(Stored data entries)
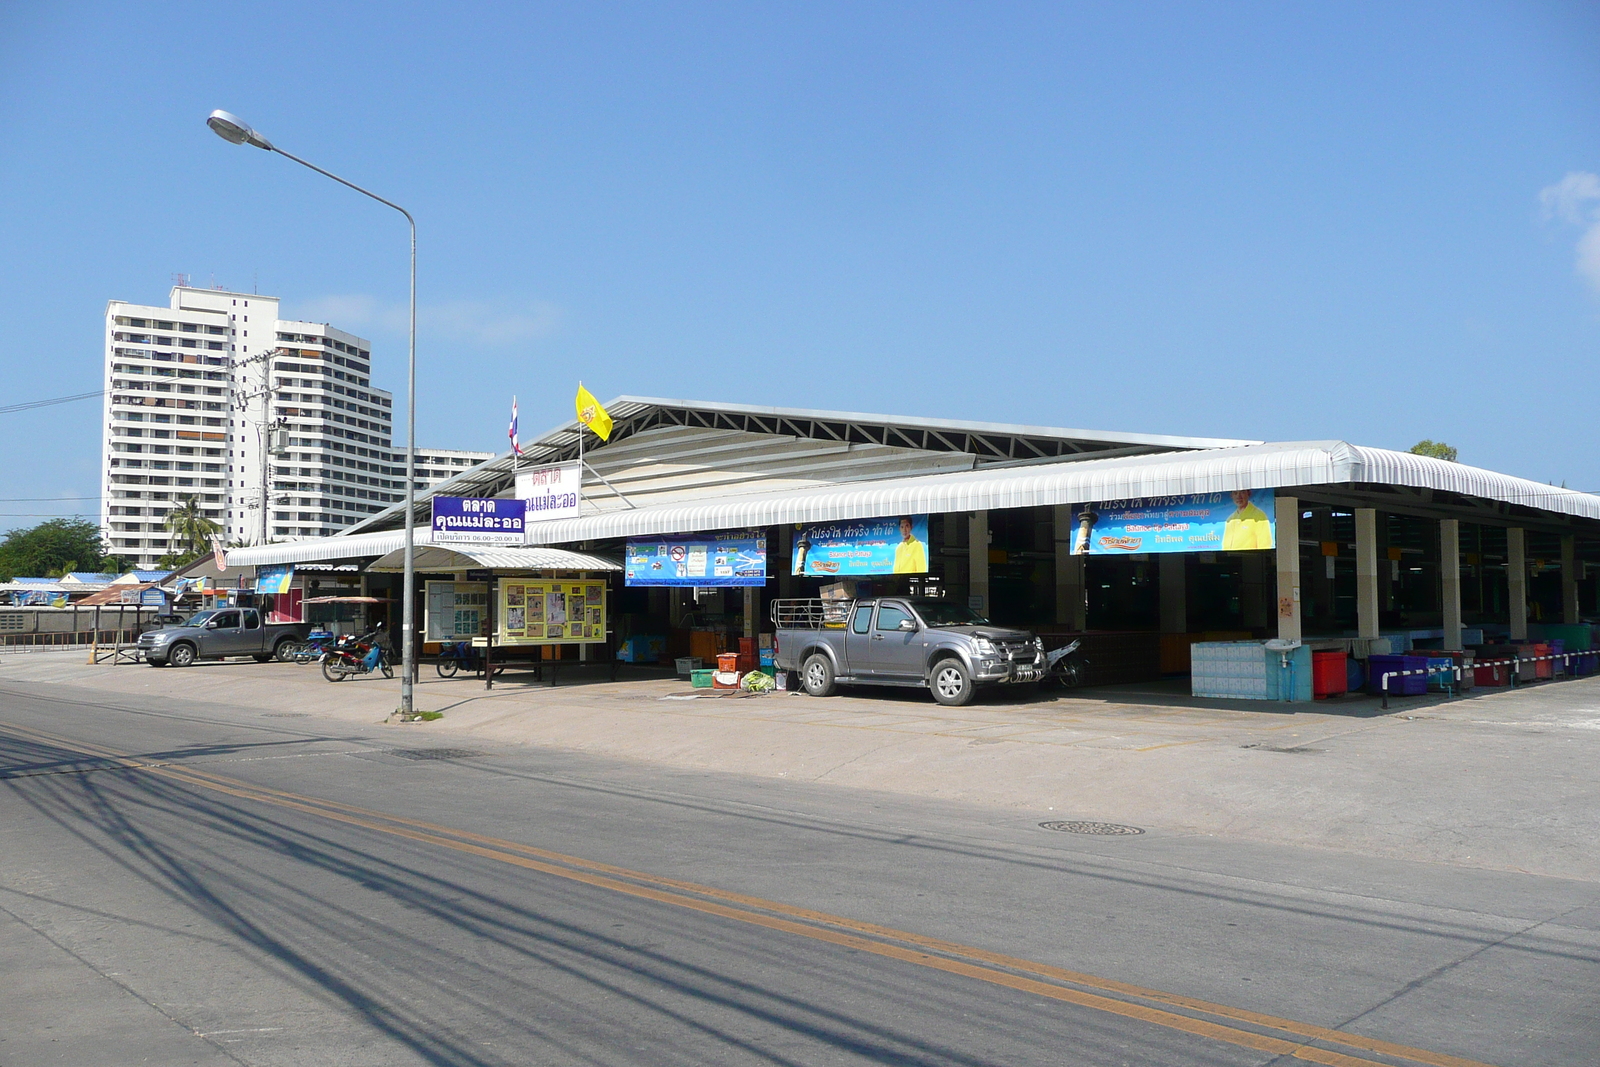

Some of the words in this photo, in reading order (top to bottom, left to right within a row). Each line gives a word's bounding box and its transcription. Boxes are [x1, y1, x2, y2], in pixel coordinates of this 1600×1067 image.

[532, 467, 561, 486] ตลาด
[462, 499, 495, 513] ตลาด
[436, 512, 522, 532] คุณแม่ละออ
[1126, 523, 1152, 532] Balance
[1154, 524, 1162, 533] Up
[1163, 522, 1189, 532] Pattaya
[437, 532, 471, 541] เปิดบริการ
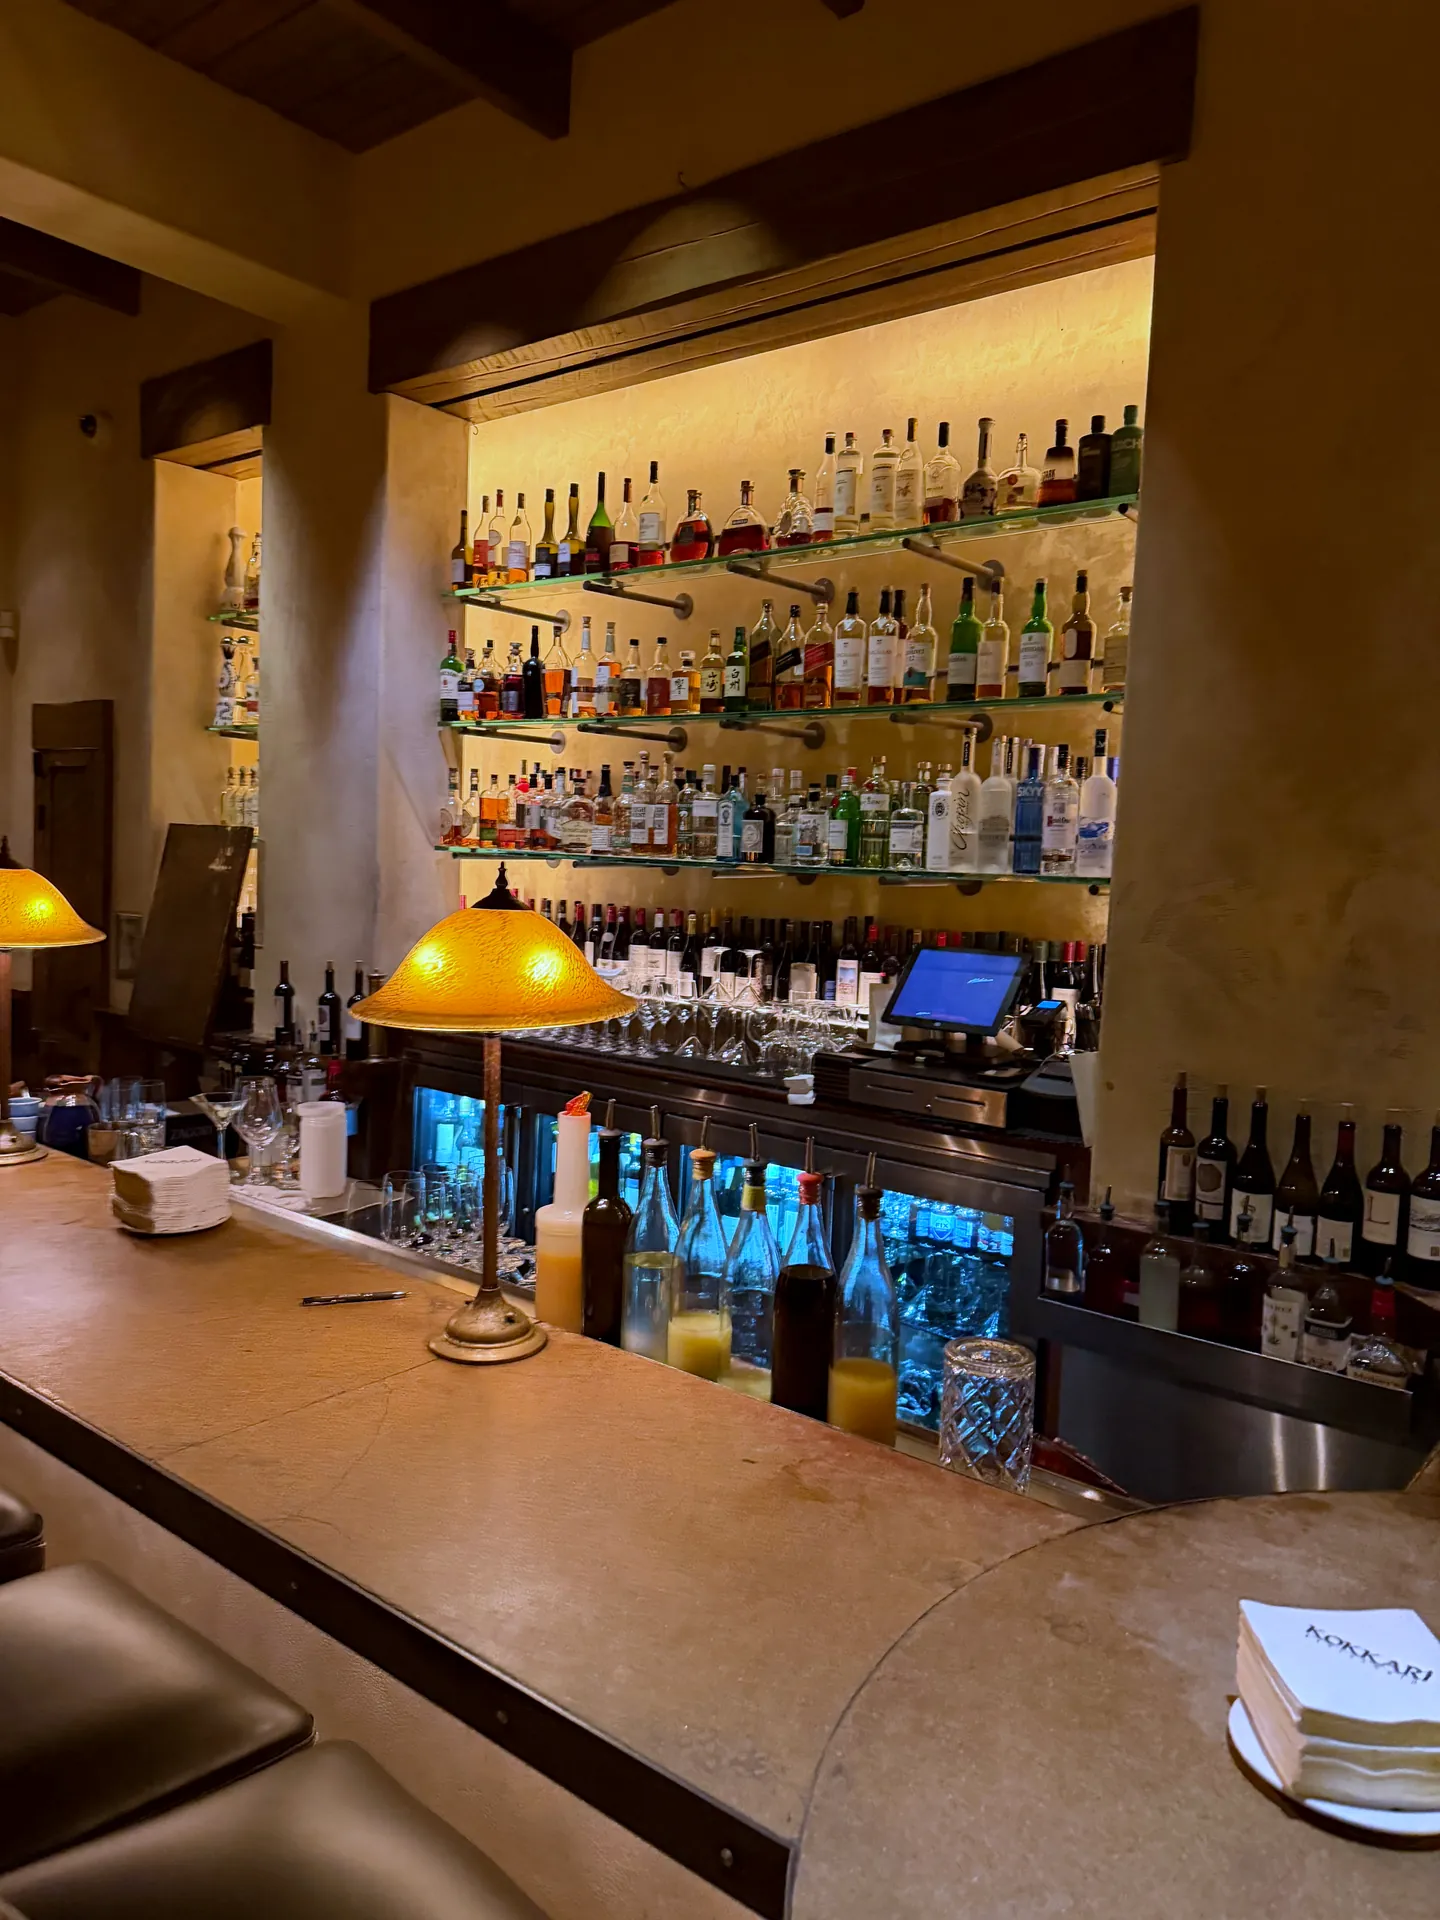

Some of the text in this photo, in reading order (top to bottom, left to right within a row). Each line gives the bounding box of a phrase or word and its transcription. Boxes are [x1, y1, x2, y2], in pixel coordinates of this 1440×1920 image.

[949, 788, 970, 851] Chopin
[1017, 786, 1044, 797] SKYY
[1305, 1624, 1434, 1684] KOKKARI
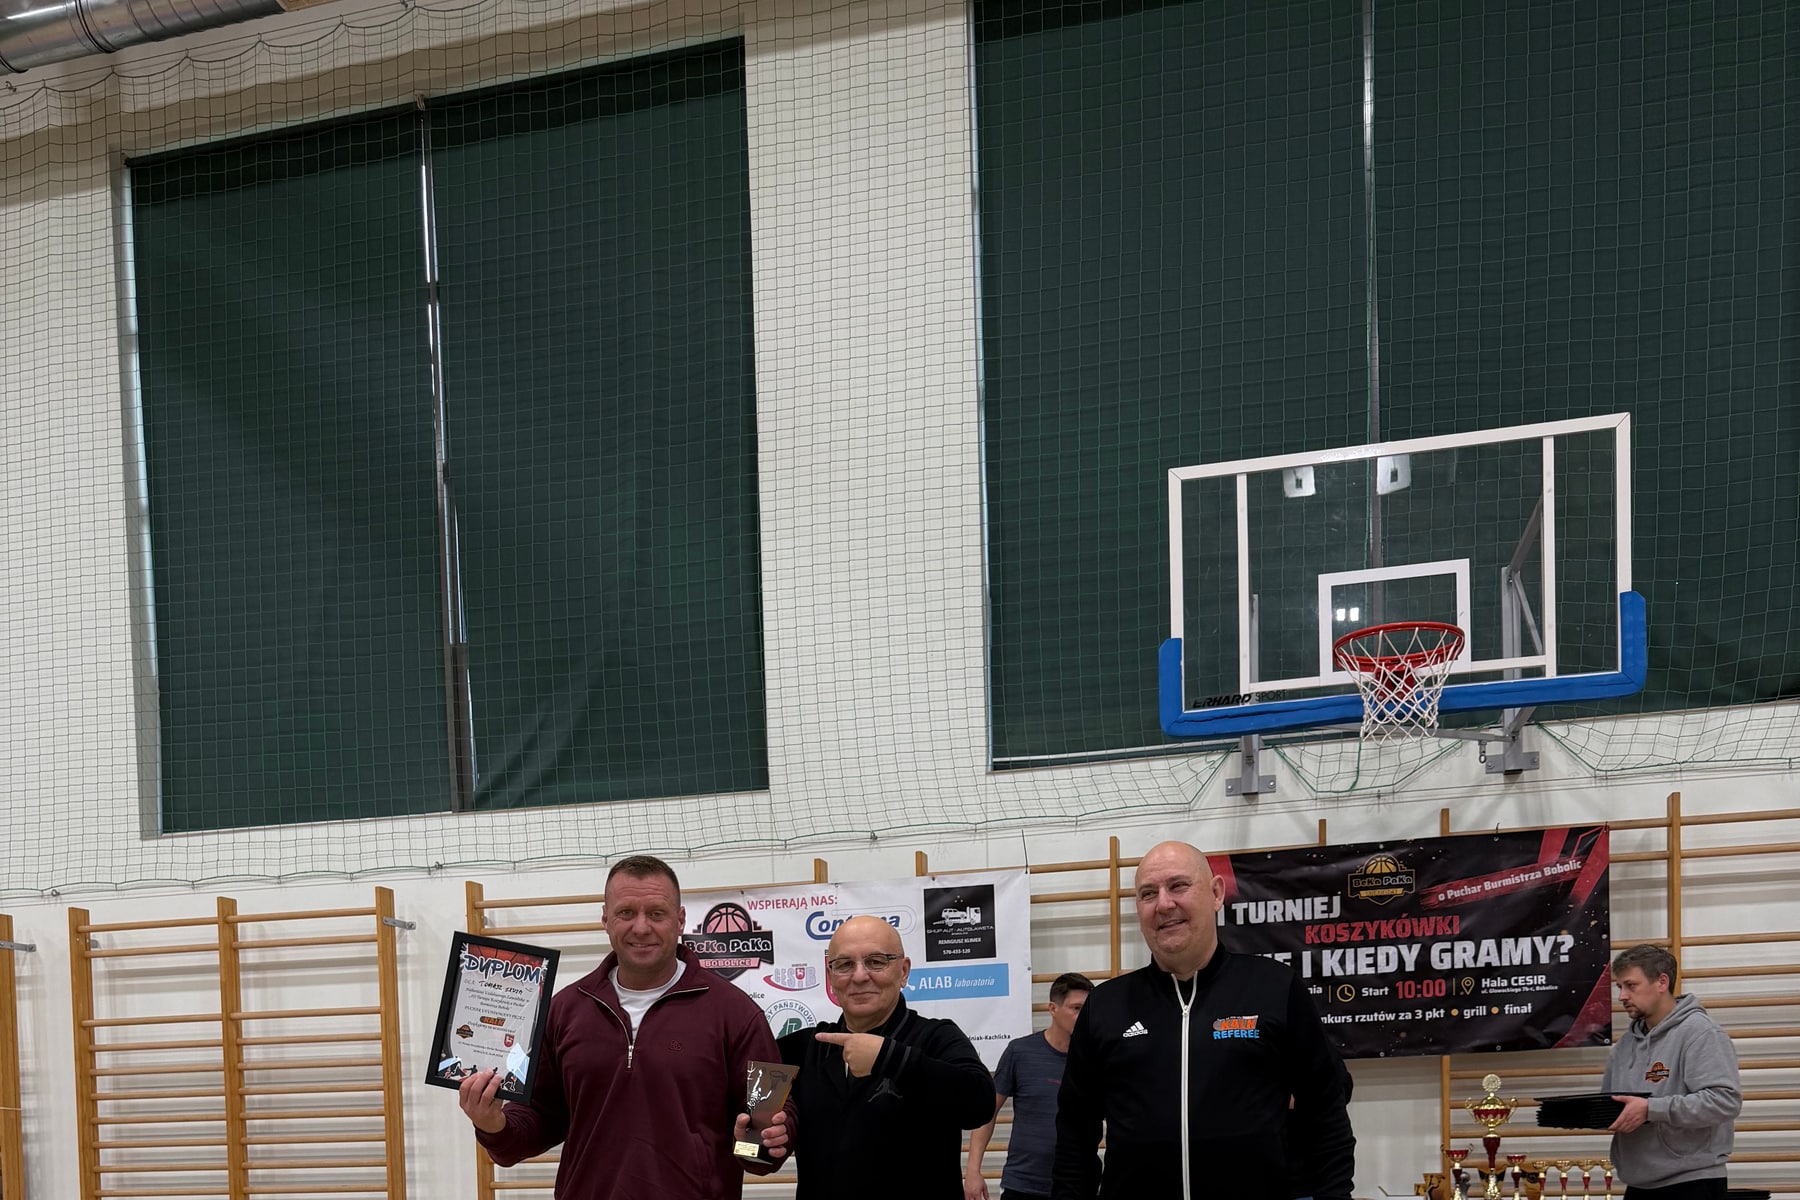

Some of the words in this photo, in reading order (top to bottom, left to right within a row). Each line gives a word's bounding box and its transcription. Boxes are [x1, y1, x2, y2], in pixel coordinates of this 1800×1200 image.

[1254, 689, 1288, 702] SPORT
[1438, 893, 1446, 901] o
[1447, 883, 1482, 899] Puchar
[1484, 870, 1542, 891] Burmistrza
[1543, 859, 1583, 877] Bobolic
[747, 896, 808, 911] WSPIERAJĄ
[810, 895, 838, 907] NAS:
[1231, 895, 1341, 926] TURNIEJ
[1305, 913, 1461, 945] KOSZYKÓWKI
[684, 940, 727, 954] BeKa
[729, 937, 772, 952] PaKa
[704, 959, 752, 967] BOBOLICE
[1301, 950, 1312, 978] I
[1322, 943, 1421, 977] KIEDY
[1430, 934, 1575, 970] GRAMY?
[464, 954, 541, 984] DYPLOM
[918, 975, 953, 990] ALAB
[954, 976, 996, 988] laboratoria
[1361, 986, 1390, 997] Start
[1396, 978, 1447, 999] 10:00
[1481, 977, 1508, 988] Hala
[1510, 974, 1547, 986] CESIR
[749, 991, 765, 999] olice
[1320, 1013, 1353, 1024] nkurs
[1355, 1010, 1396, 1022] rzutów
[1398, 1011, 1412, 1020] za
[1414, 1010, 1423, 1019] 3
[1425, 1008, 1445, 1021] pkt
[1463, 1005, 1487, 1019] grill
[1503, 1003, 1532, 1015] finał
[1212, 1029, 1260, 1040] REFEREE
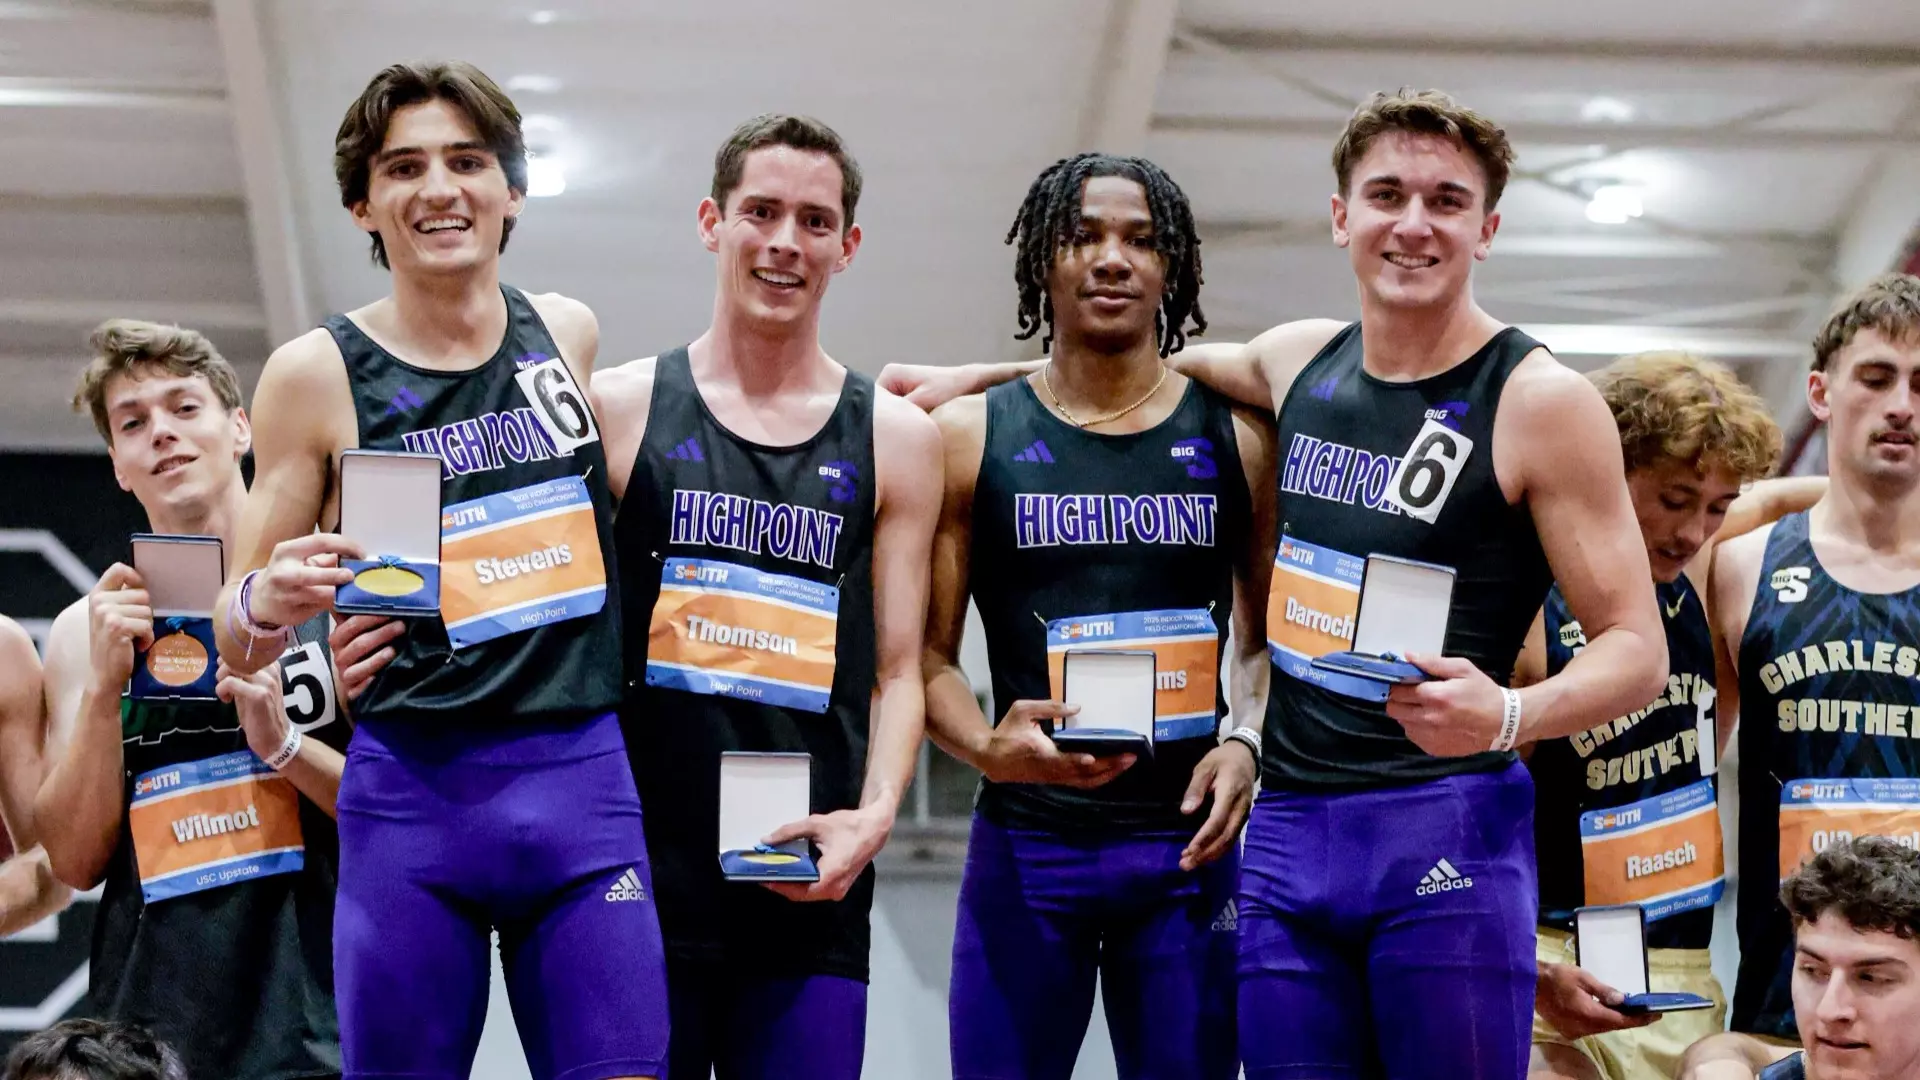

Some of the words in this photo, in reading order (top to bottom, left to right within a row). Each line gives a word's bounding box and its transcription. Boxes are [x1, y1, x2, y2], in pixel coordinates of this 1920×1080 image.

PROBLEM REQUIREMENTS - Give back the data verbatim. The pictures are not part of the copy.

FINISHED EXERCISE -
Some of the words in this photo, in reading order (top to bottom, left to right within a row). Each line gives a word's bounding box and its transcription. Boxes are [x1, y1, x2, y2], in pixel coordinates of this 1600×1067 image.

[532, 467, 561, 486] ตลาด
[462, 499, 495, 513] ตลาด
[436, 512, 522, 532] คุณแม่ละออ
[1126, 523, 1152, 532] Balance
[1154, 524, 1162, 533] Up
[1163, 522, 1189, 532] Pattaya
[437, 532, 471, 541] เปิดบริการ

Some of the text in this photo, in reading order (top to bottom, left to right within a row). Each line gives the bounding box of a phrase or word and its transcription. Boxes are [x1, y1, x2, y2], in pixel coordinates of this 1440×1920 image.

[949, 788, 970, 851] Chopin
[1017, 786, 1044, 797] SKYY
[1305, 1624, 1434, 1684] KOKKARI

Some of the words in this photo, in reading order (top to bottom, left to right within a row). Each line gives a word's bounding box and its transcription. Boxes are [x1, y1, x2, y2], in pixel coordinates of this 1800×1200 image.

[1254, 689, 1288, 702] SPORT
[1438, 893, 1446, 901] o
[1447, 883, 1482, 899] Puchar
[1484, 870, 1542, 891] Burmistrza
[1543, 859, 1583, 877] Bobolic
[747, 896, 808, 911] WSPIERAJĄ
[810, 895, 838, 907] NAS:
[1231, 895, 1341, 926] TURNIEJ
[1305, 913, 1461, 945] KOSZYKÓWKI
[684, 940, 727, 954] BeKa
[729, 937, 772, 952] PaKa
[704, 959, 752, 967] BOBOLICE
[1301, 950, 1312, 978] I
[1322, 943, 1421, 977] KIEDY
[1430, 934, 1575, 970] GRAMY?
[464, 954, 541, 984] DYPLOM
[918, 975, 953, 990] ALAB
[954, 976, 996, 988] laboratoria
[1361, 986, 1390, 997] Start
[1396, 978, 1447, 999] 10:00
[1481, 977, 1508, 988] Hala
[1510, 974, 1547, 986] CESIR
[749, 991, 765, 999] olice
[1320, 1013, 1353, 1024] nkurs
[1355, 1010, 1396, 1022] rzutów
[1398, 1011, 1412, 1020] za
[1414, 1010, 1423, 1019] 3
[1425, 1008, 1445, 1021] pkt
[1463, 1005, 1487, 1019] grill
[1503, 1003, 1532, 1015] finał
[1212, 1029, 1260, 1040] REFEREE

Some of the words in this photo, in reading order (top to bottom, left to right within a row). Each line gives a word's bounding box and its transcription. Boxes are [x1, y1, x2, y2], in pixel coordinates of this 1920×1080 image.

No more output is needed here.